A few weeks ago I lost my wallet and with it all my UK bank cards. I cancelled them and ordered re-issues, which duly arrive at my UK address and wwere saent onto me by registered mail. They arrived in the U.S. two and a half weeks ago and have since sat with the US customs, who have either lost them or have chosen to hold onto them for reasons unknown. 

At first I was told by UPS that I should wait for them to arrive and to wait upto 10 working days ( this though the UK post office estimated an arrival time of 5 times from the date of postage ) and then told me to wait even longer. They now tell me that the letter package containing the cards is still with US cutoms in New York.

I have tried to contact the US customs but can not find the means to do so. The letter was, as said registered, has a tracking number, which shows no movment since it arrived in New York. I have been advised to contact the sender and ask them to start an enquiry, which I am told can take 3 months to resolve. 

I have therfore cancelled the cards again and asked the Banks to send out a further sets. My plan is now not to have them sent to the States but to simply to have them in the UK, transfering funds to my US account, as and when neccesary.

Anyone hadf similar problems and if so any suggstions in terms of getting mail out of customs quickly ?

Edge


----------



## Tiffani (Dec 4, 2007)

sorry, no idea. Customs is very powerful and I haven't heard of anyone fighting them and winning (then again, I haven't heard of anyone fighting them full stop...)


----------



## Bevdeforges (Nov 16, 2007)

Strange... I've had UK bank cards sent to me in the US with no trouble (and they weren't sent registered mail either). Perhaps the number of cards sent as a single package made someone in Customs suspicious.

Depending on how long you are in the US for, you might just ask your UK banks to send the replacement cards directly to your US address. Or simply pick them up on your next trip back home.
Cheers,
Bev


----------



## edge (Oct 13, 2008)

*Cars in the Post*



Bevdeforges said:


> Strange... I've had UK bank cards sent to me in the US with no trouble (and they weren't sent registered mail either). Perhaps the number of cards sent as a single package made someone in Customs suspicious.
> 
> Depending on how long you are in the US for, you might just ask your UK banks to send the replacement cards directly to your US address. Or simply pick them up on your next trip back home.
> Cheers,
> Bev



Thank you.

You maybe right. The cadrs were all sent in one envelope and this registered. Five cards and one liscense. 

I am told by the UK banks that they can only send to my registered address, which is, and will remain in the UK. 

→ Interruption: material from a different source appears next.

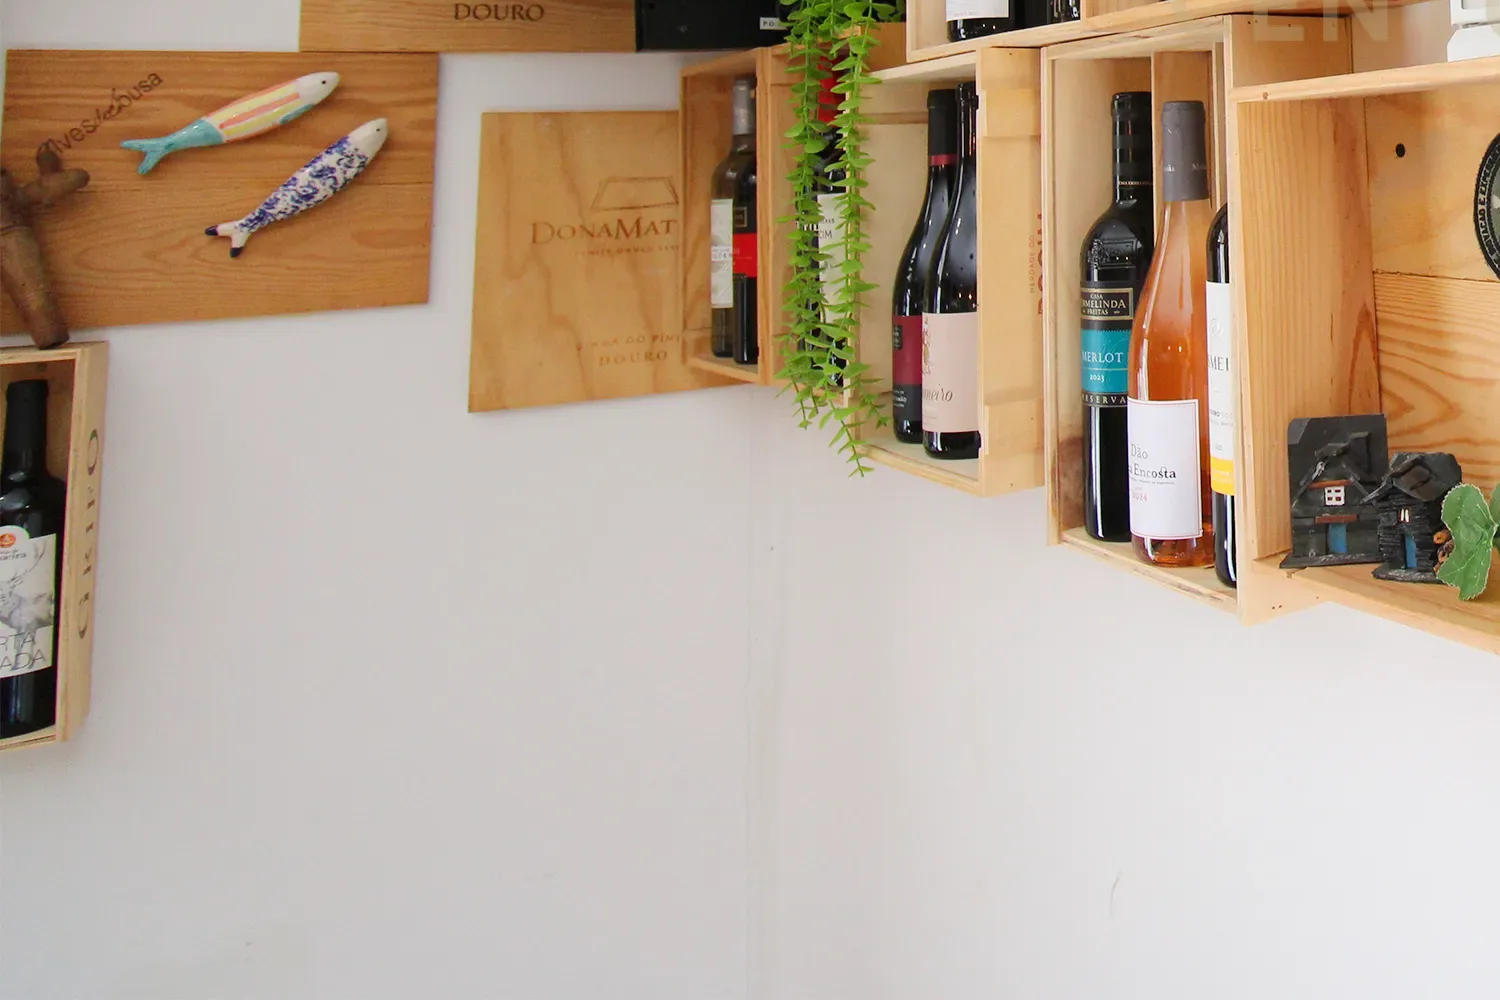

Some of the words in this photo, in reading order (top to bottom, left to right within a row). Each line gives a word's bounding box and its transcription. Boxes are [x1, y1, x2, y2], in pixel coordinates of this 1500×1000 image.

[454, 3, 544, 21] DOURO
[47, 118, 98, 155] lves
[1134, 463, 1177, 479] Encosta
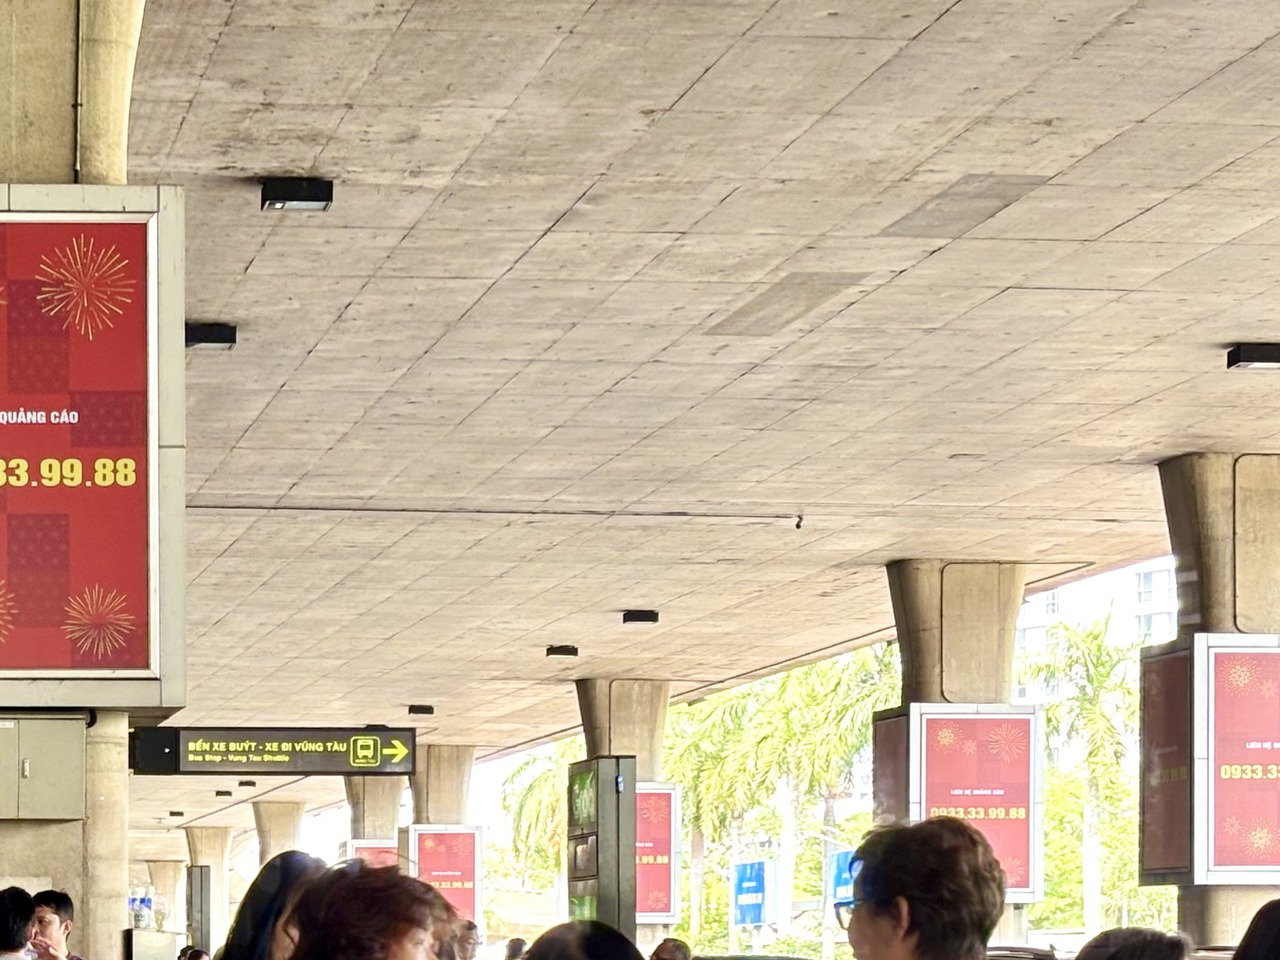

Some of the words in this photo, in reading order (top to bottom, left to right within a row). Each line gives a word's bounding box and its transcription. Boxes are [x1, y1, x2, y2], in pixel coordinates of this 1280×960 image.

It may have been better to send them out by ordinary post and individually, sending onely the important ones. In fact, two - the other three could have stayed and I have photo stats of my liscense which seems to satisfy all.

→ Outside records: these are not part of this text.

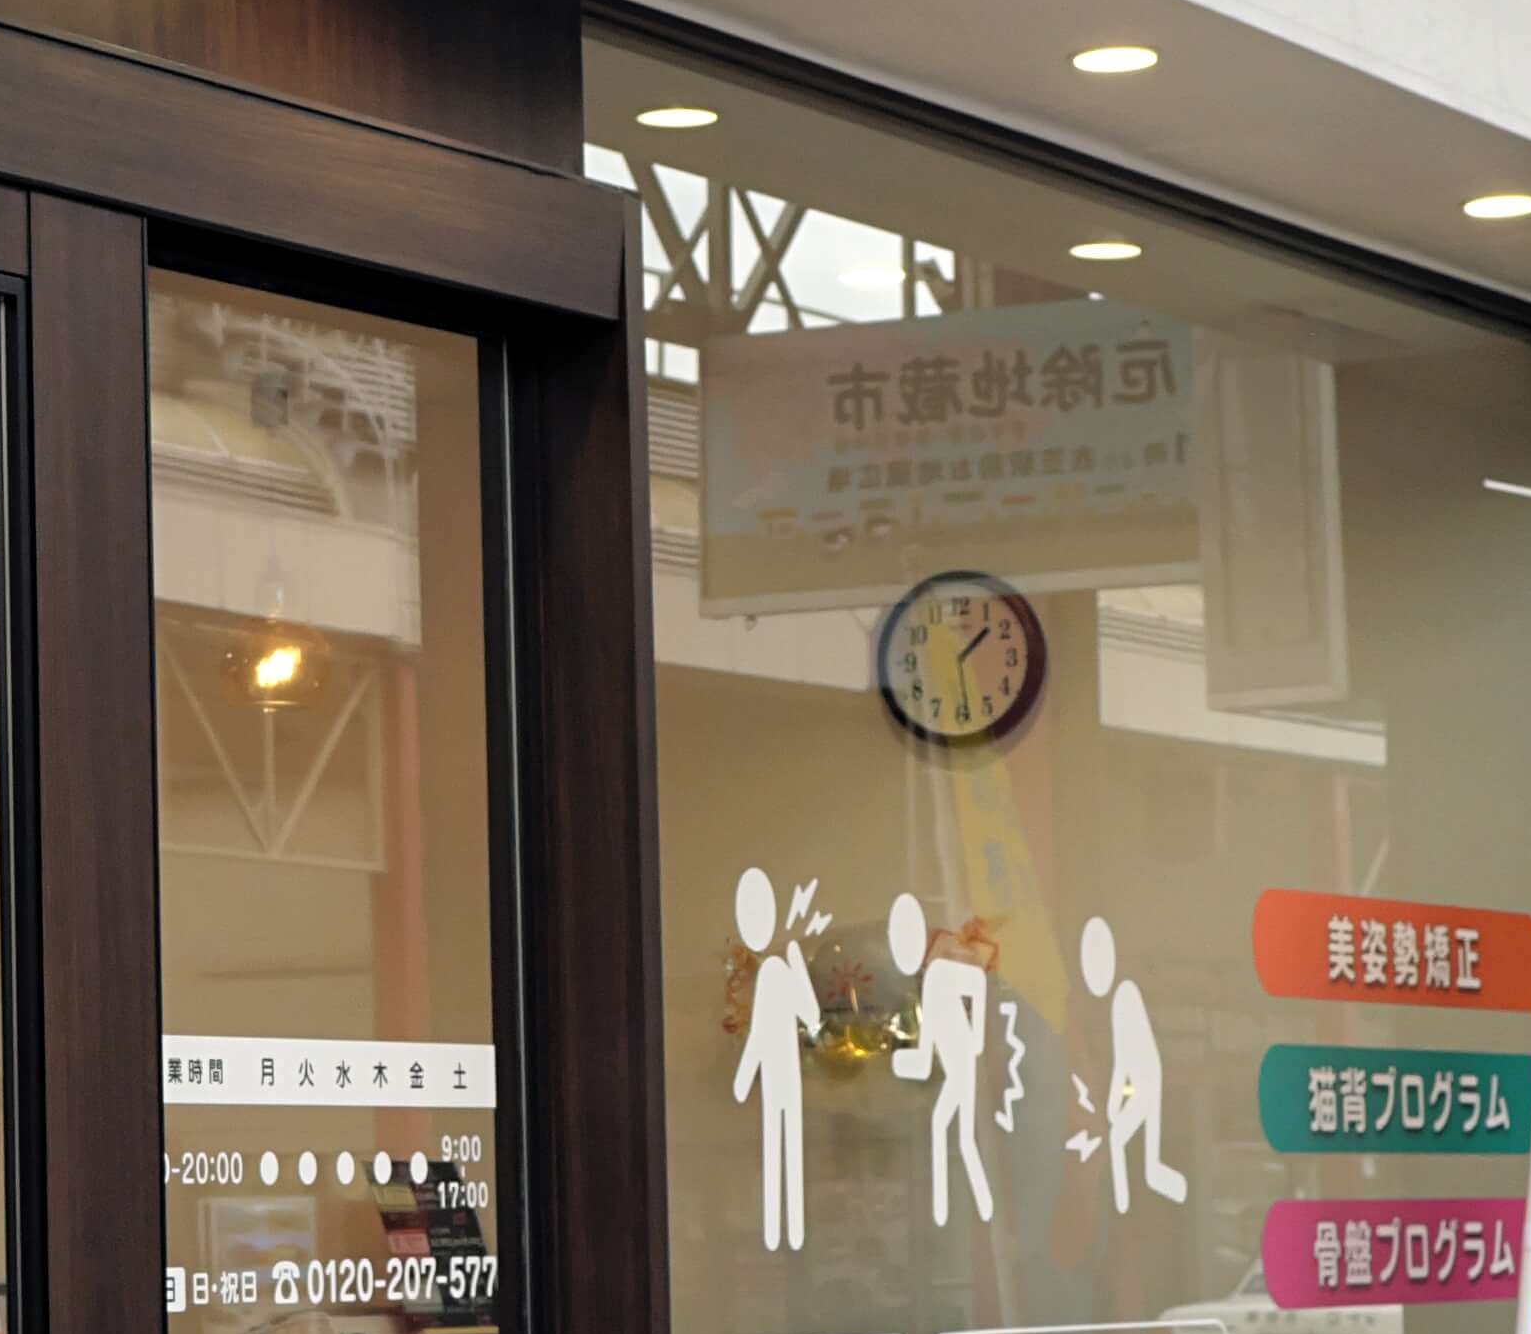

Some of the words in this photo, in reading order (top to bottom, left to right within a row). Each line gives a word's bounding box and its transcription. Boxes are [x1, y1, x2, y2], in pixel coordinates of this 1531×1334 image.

[1328, 915, 1482, 991] 美姿勢矯正
[260, 1058, 276, 1087] 月
[298, 1058, 315, 1088] 火
[335, 1059, 352, 1089] 水
[373, 1060, 389, 1089] 木
[409, 1061, 425, 1090] 金
[452, 1062, 468, 1090] 土
[1308, 1067, 1511, 1134] 猫背プログラム
[441, 1135, 482, 1163] 9:00
[437, 1181, 489, 1210] 17:00
[1313, 1221, 1515, 1289] 骨盤プログラム

It was unfortunate to lose the cards and I only wish I could contact them, some way or antoher. I dislike the idea of having a record that may be missread. Do you know how I can contact them - a telephone number and / or e-mail address ?

I have in the meantime cancelled the cards. 

Edge


----------



## edge (Oct 13, 2008)

Tiffani said:


> sorry, no idea. Customs is very powerful and I haven't heard of anyone fighting them and winning (then again, I haven't heard of anyone fighting them full stop...)

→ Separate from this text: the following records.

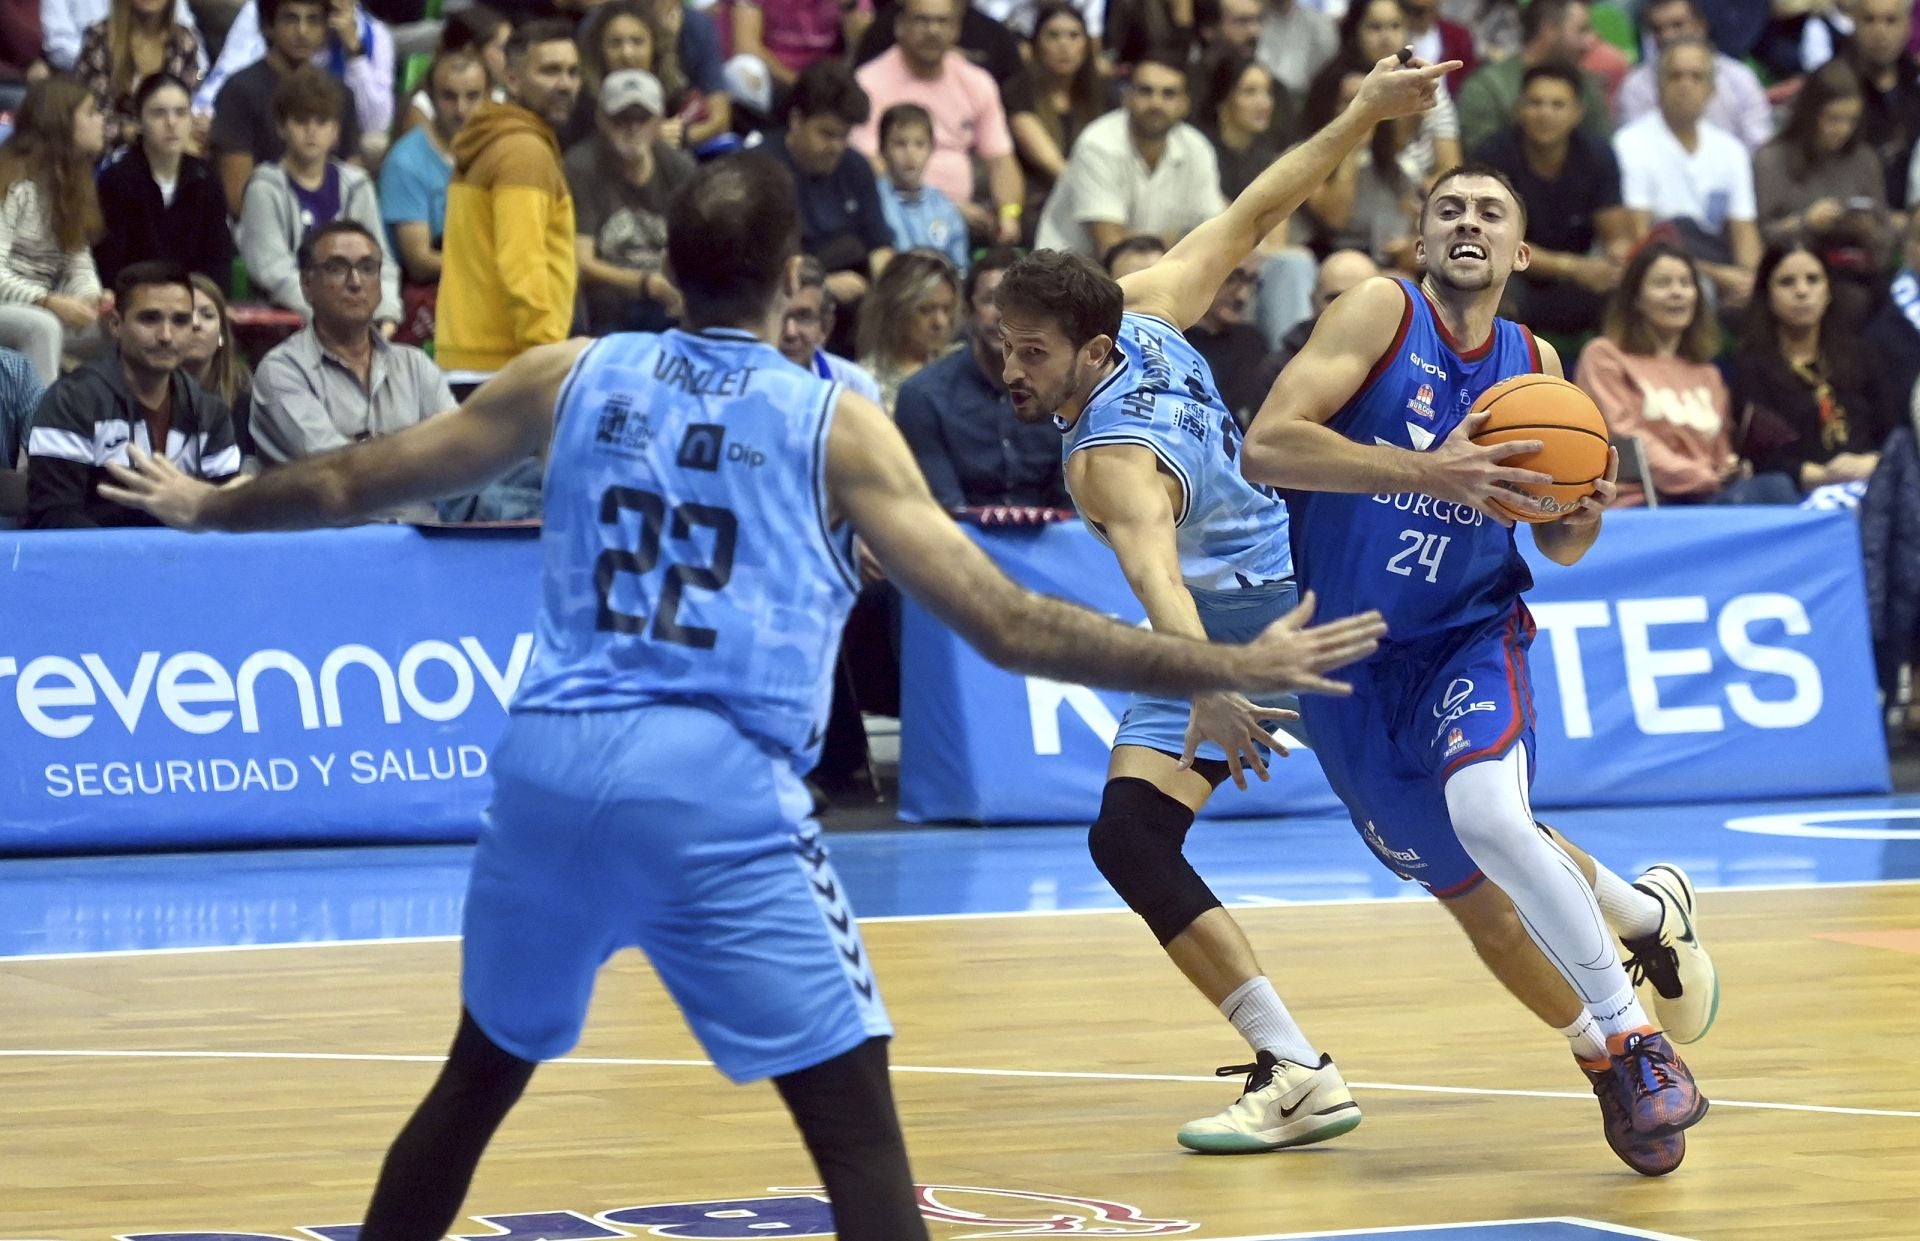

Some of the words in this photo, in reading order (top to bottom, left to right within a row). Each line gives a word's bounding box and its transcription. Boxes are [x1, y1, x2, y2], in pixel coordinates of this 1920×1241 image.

[1410, 352, 1447, 381] GIVOVA
[593, 484, 738, 651] 22
[1386, 529, 1451, 583] 24
[0, 632, 534, 739] evennov
[44, 758, 299, 798] SEGURIDAD
[310, 753, 336, 786] Y
[349, 745, 488, 784] SALUD

No wish to fight them - I have cancelled the cards and will probably only have the details semnt accross.


----------



## edge (Oct 13, 2008)

Bevdeforges said:


> Strange... I've had UK bank cards sent to me in the US with no trouble (and they weren't sent registered mail either). Perhaps the number of cards sent as a single package made someone in Customs suspicious.
> 
> Depending on how long you are in the US for, you might just ask your UK banks to send the replacement cards directly to your US address. Or simply pick them up on your next trip back home.
> Cheers,
> Bev


You were right - the cards have turned up in England, marked address unknown. A new issue though. I was getting mail at that address. Apparently however the local post office did not know I was there and hae been returning some, though stangely, not all my mail. I was advised by my Insurance broker that he was getting returned mail. Have now spoken to the post office and al is now settled.

Thank you for yours


----------



## Fatbrit (May 8, 2008)

Here's the man responsible...


----------



## edge (Oct 13, 2008)

edge said:


> You were right - the cards have turned up in England, marked address unknown. A new issue though. I was getting mail at that address. Apparently however the local post office did not know I was there and hae been returning some, though stangely, not all my mail. I was advised by my Insurance broker that he was getting returned mail. Have now spoken to the post office and al is now settled.
> 
> Thank you for yours


The mail always ger through - it's in fact up back in England.


----------